- _Task data_:
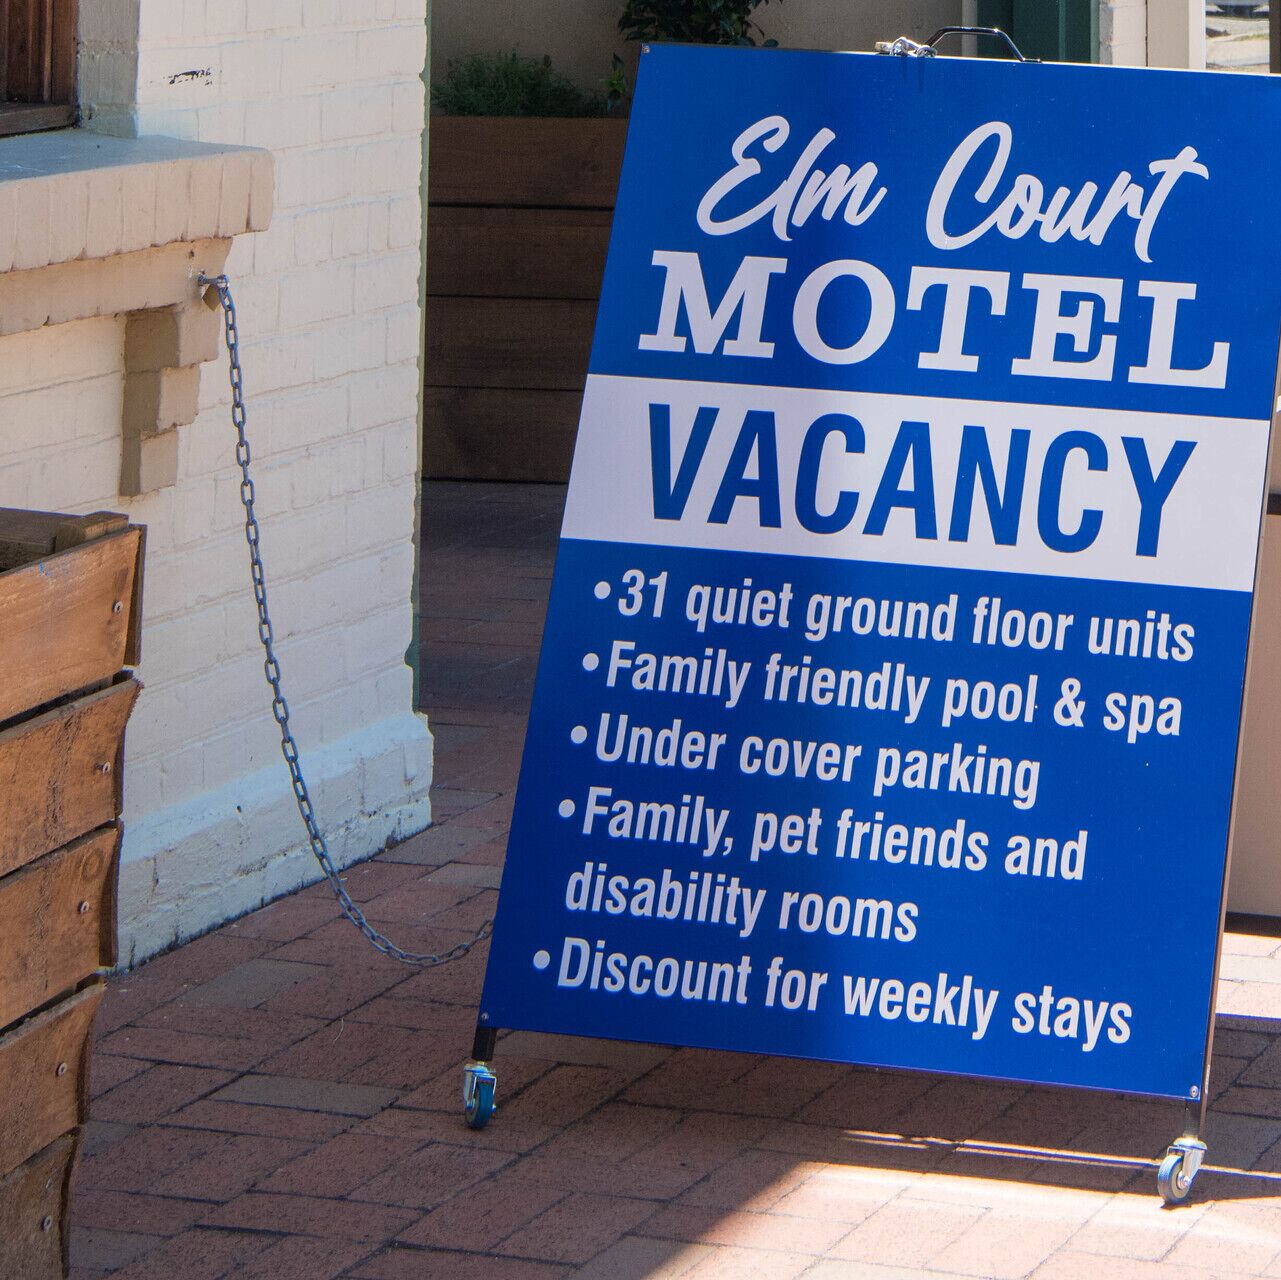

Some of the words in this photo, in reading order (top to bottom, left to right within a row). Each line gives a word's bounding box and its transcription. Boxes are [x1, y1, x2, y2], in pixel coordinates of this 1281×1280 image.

[695, 114, 888, 243] Elm
[925, 120, 1211, 264] Court
[638, 249, 1231, 390] MOTEL
[648, 402, 1198, 558] VACANCY
[617, 569, 668, 619] 31
[685, 577, 794, 633] quiet
[804, 593, 959, 643] ground
[972, 596, 1075, 651] floor
[1087, 609, 1196, 662] units
[606, 640, 752, 708] Family
[764, 652, 931, 725] friendly
[942, 674, 1039, 728] pool
[1052, 677, 1087, 728] &
[1103, 691, 1183, 744] spa
[596, 712, 727, 770] Under
[739, 733, 863, 782] cover
[873, 742, 1041, 810] parking
[582, 786, 734, 858] Family,
[750, 807, 823, 862] pet
[836, 813, 989, 872] friends
[1004, 829, 1089, 881] and
[565, 861, 763, 938] disability
[778, 891, 919, 942] rooms
[557, 937, 752, 1005] Discount
[765, 956, 829, 1011] for
[843, 972, 1000, 1042] weekly
[1011, 985, 1133, 1053] stays
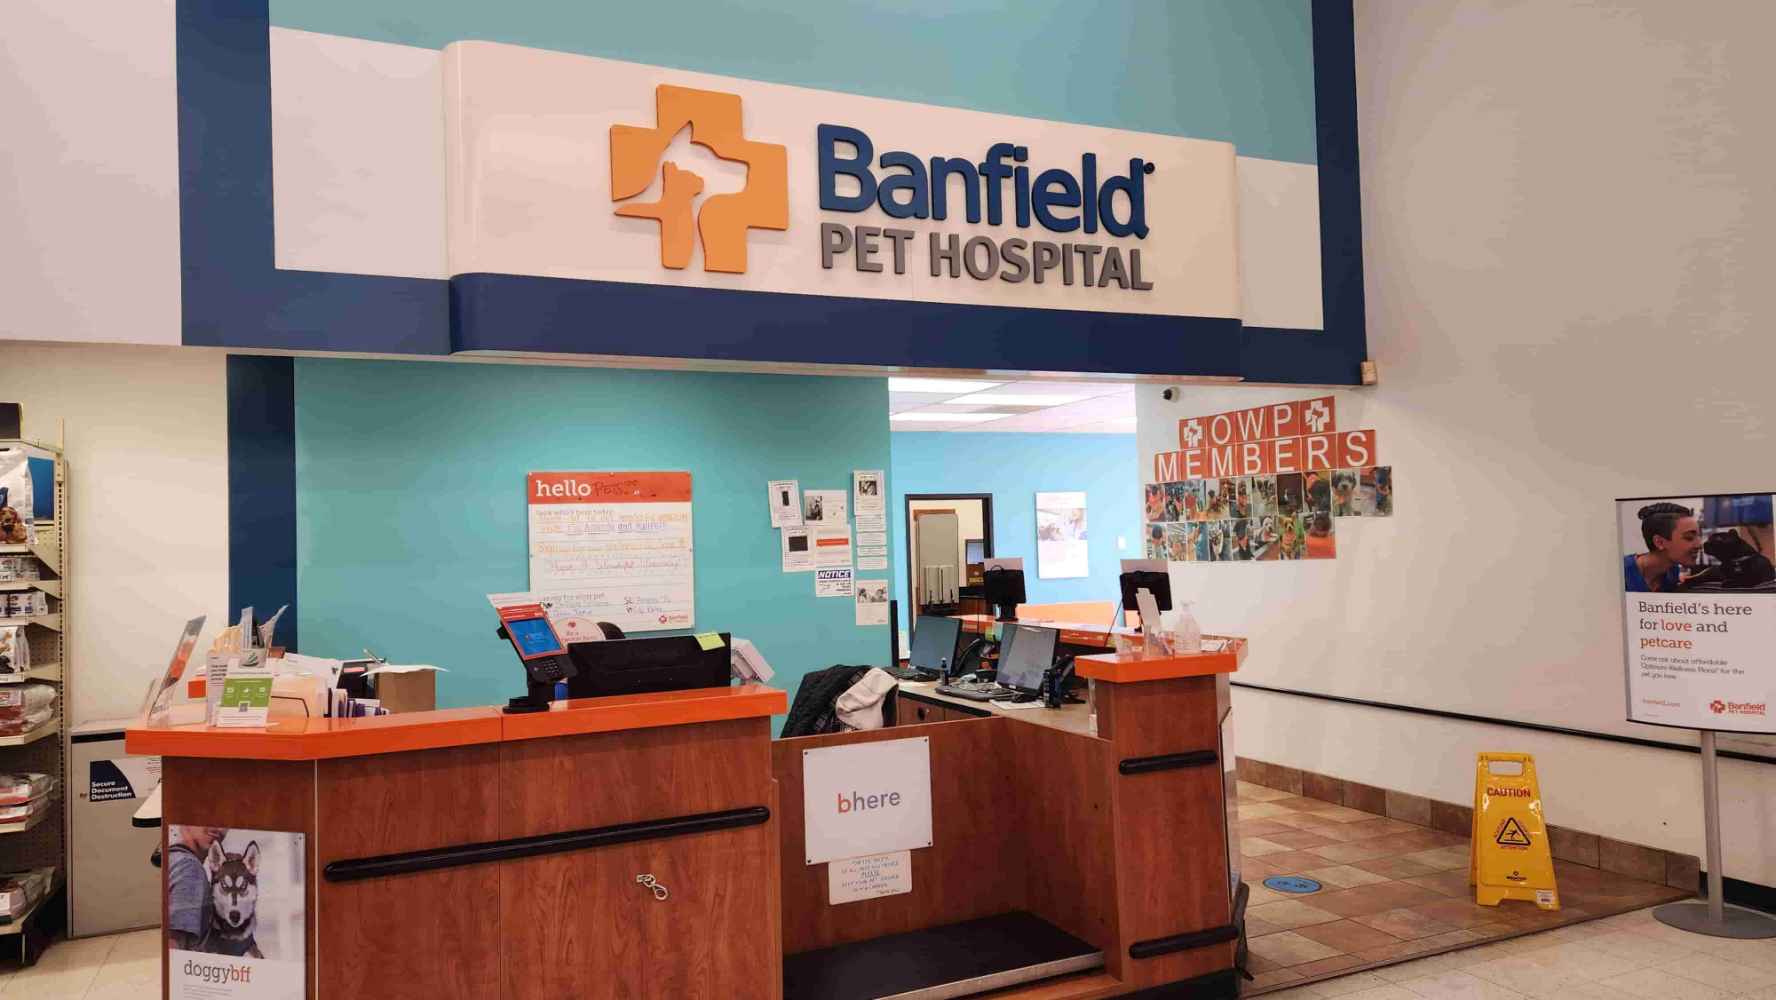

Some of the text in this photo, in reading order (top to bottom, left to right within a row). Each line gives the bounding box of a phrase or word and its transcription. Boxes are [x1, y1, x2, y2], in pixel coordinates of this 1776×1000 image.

[817, 123, 1151, 239] Banfield
[821, 223, 1154, 290] PET HOSPITAL
[1211, 404, 1293, 445] OWP
[1159, 431, 1369, 481] MEMBERS
[535, 479, 592, 497] hello
[816, 571, 849, 579] NOTICE
[1639, 601, 1753, 616] Banfield's here
[1639, 618, 1729, 633] for love and
[1640, 636, 1693, 650] petcare
[91, 792, 132, 800] Destruction
[1487, 787, 1531, 798] CAUTION
[838, 791, 902, 814] bhere
[184, 960, 252, 984] doggybff

- _Brief_: Exact copy, no images: rewrite the entire listing above.

- _Worked solution_:
Some of the words in this photo, in reading order (top to bottom, left to right within a row). Each line gives a word's bounding box and its transcription. Boxes are [x1, y1, x2, y2], in pixel coordinates of this 1281×1280 image.

[695, 114, 888, 243] Elm
[925, 120, 1211, 264] Court
[638, 249, 1231, 390] MOTEL
[648, 402, 1198, 558] VACANCY
[617, 569, 668, 619] 31
[685, 577, 794, 633] quiet
[804, 593, 959, 643] ground
[972, 596, 1075, 651] floor
[1087, 609, 1196, 662] units
[606, 640, 752, 708] Family
[764, 652, 931, 725] friendly
[942, 674, 1039, 728] pool
[1052, 677, 1087, 728] &
[1103, 691, 1183, 744] spa
[596, 712, 727, 770] Under
[739, 733, 863, 782] cover
[873, 742, 1041, 810] parking
[582, 786, 734, 858] Family,
[750, 807, 823, 862] pet
[836, 813, 989, 872] friends
[1004, 829, 1089, 881] and
[565, 861, 763, 938] disability
[778, 891, 919, 942] rooms
[557, 937, 752, 1005] Discount
[765, 956, 829, 1011] for
[843, 972, 1000, 1042] weekly
[1011, 985, 1133, 1053] stays

Some of the text in this photo, in reading order (top to bottom, left to right within a row). Each line gives the bounding box of a phrase or word and its transcription. Boxes are [x1, y1, x2, y2], in pixel coordinates of this 1776×1000 image.

[817, 123, 1151, 239] Banfield
[821, 223, 1154, 290] PET HOSPITAL
[1211, 404, 1293, 445] OWP
[1159, 431, 1369, 481] MEMBERS
[535, 479, 592, 497] hello
[816, 571, 849, 579] NOTICE
[1639, 601, 1753, 616] Banfield's here
[1639, 618, 1729, 633] for love and
[1640, 636, 1693, 650] petcare
[91, 792, 132, 800] Destruction
[1487, 787, 1531, 798] CAUTION
[838, 791, 902, 814] bhere
[184, 960, 252, 984] doggybff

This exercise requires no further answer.